### Work required
Copy down every line of the data that follows exactly. Omit the pictures.

[Entries taken from a collection]
+---+

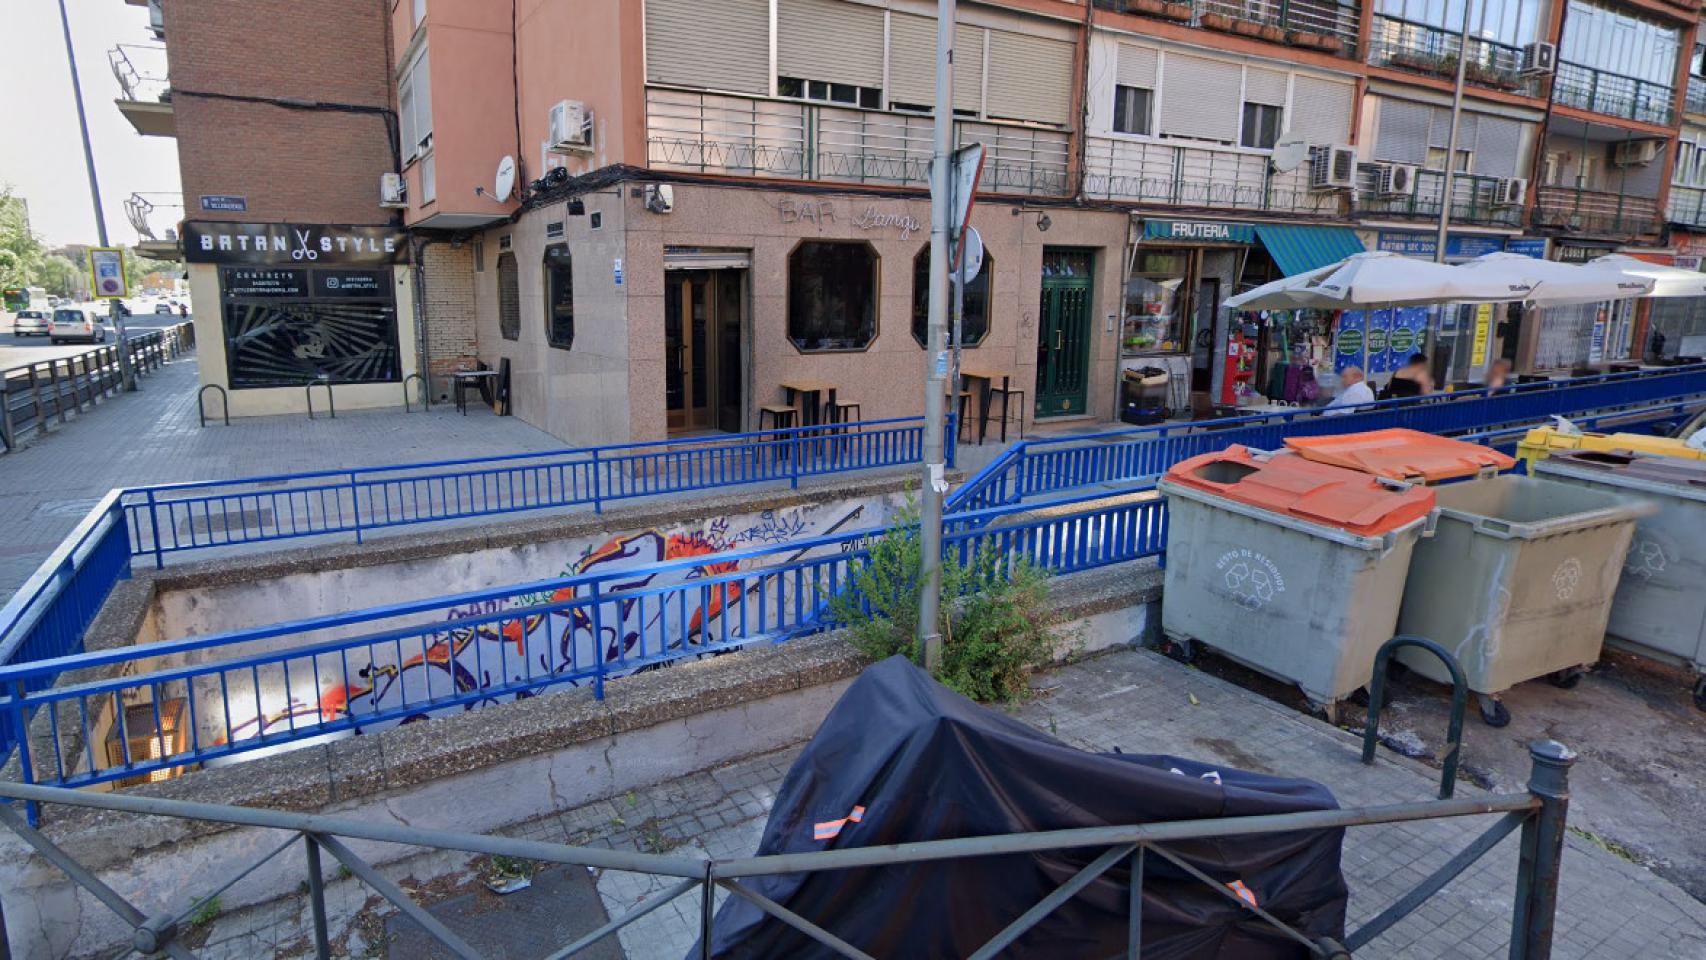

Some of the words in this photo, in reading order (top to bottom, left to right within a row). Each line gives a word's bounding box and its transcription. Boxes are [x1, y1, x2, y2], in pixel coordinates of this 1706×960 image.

[780, 199, 836, 224] BAR
[1171, 223, 1230, 238] FRUTERIA
[200, 234, 286, 251] BATAN
[320, 236, 394, 252] STYLE
[1240, 548, 1253, 558] DE
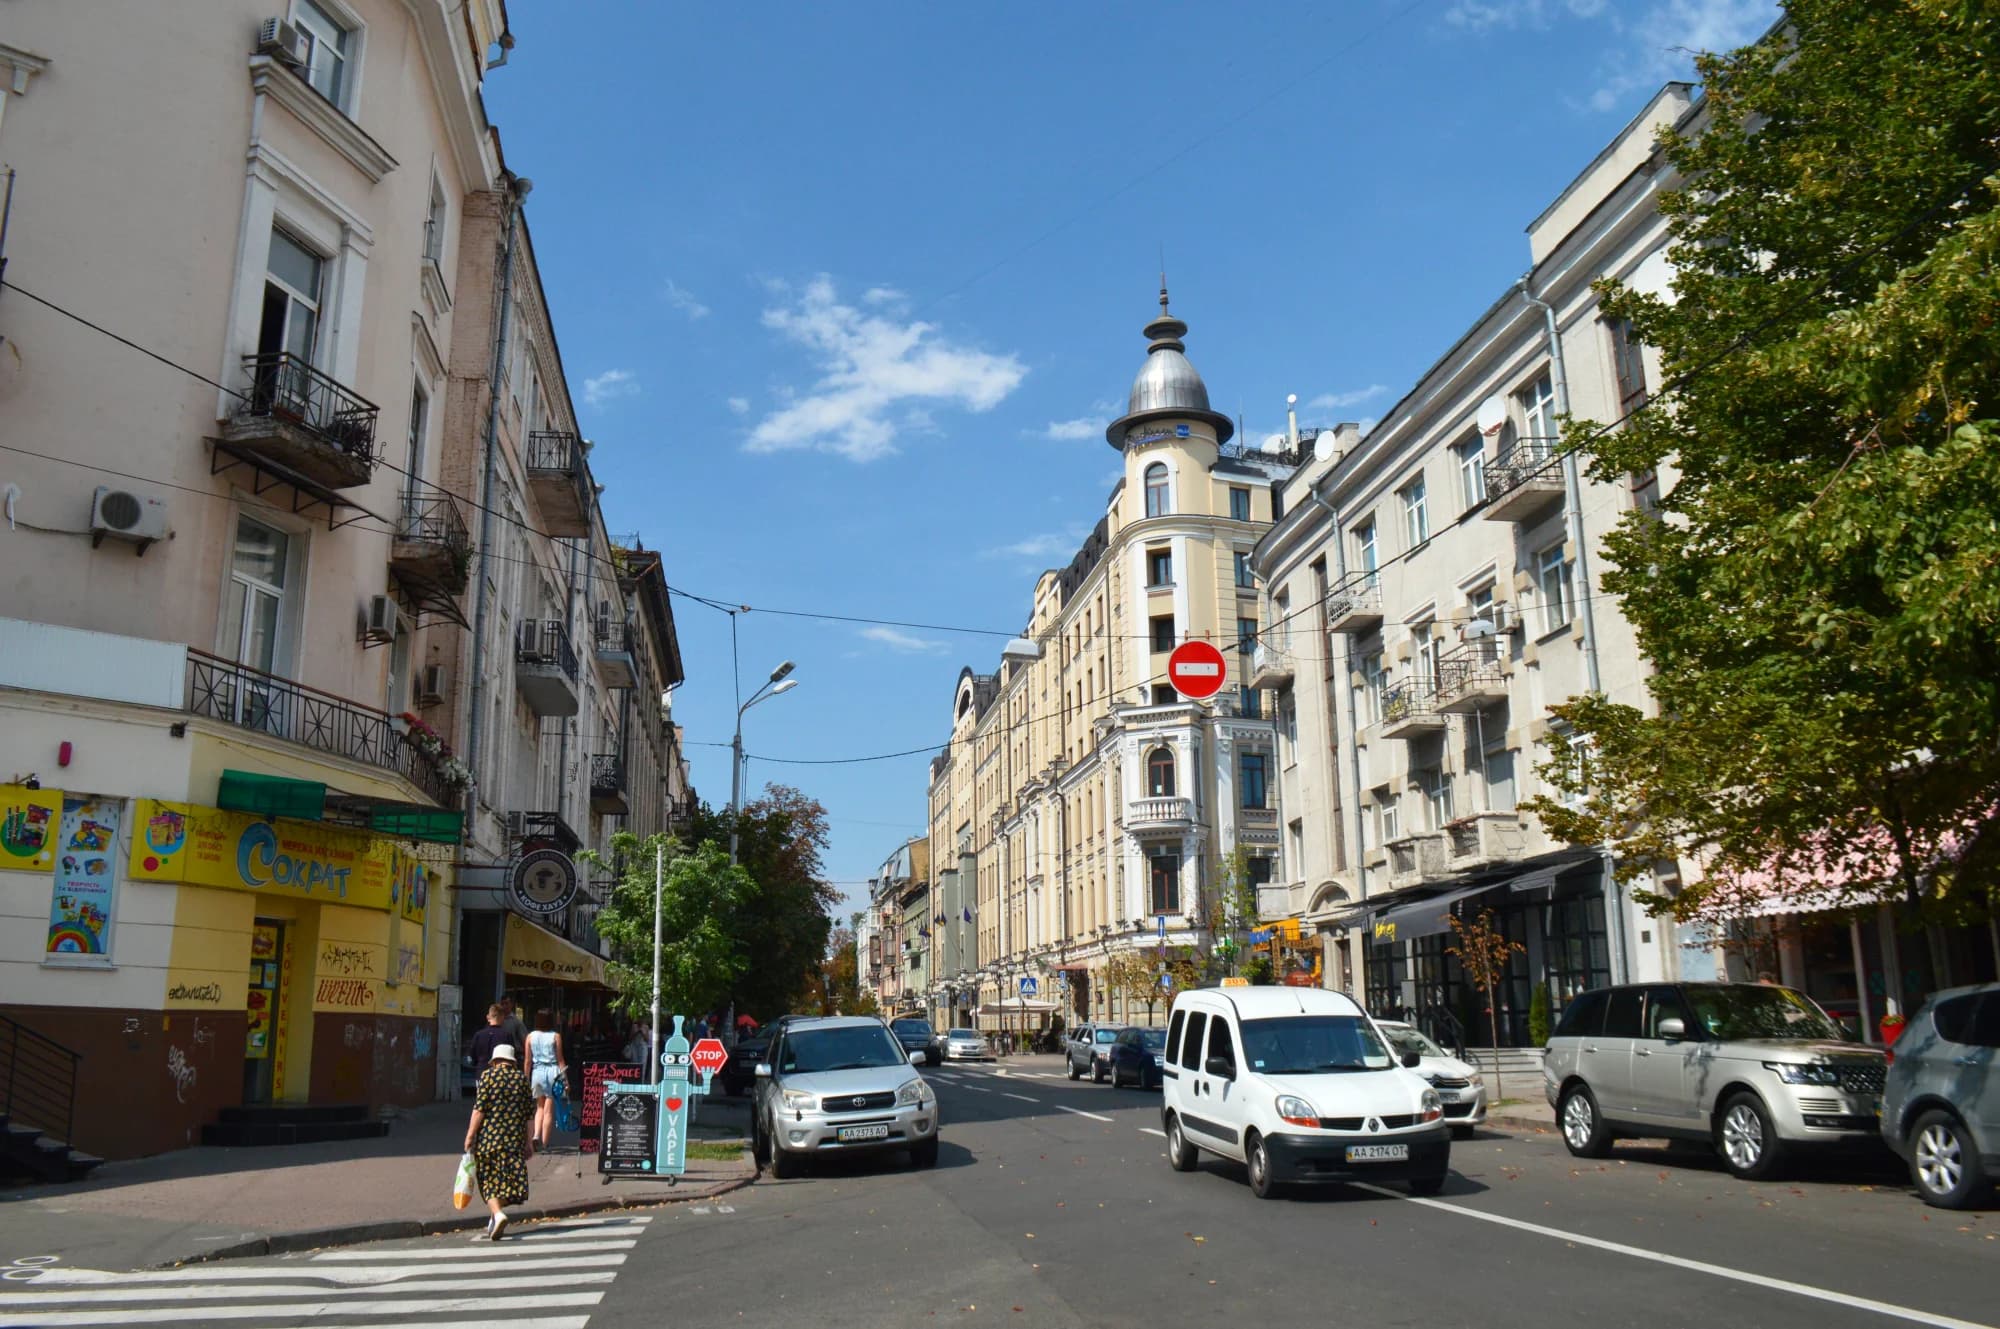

+---+

### Exercise output
Some of the words in this photo, in reading order (top to bottom, left to right within a row). Each line gives a word's bounding box and its transcription. Boxes are [x1, y1, x2, y2], in pixel coordinates of this 1706×960 image.

[780, 199, 836, 224] BAR
[1171, 223, 1230, 238] FRUTERIA
[200, 234, 286, 251] BATAN
[320, 236, 394, 252] STYLE
[1240, 548, 1253, 558] DE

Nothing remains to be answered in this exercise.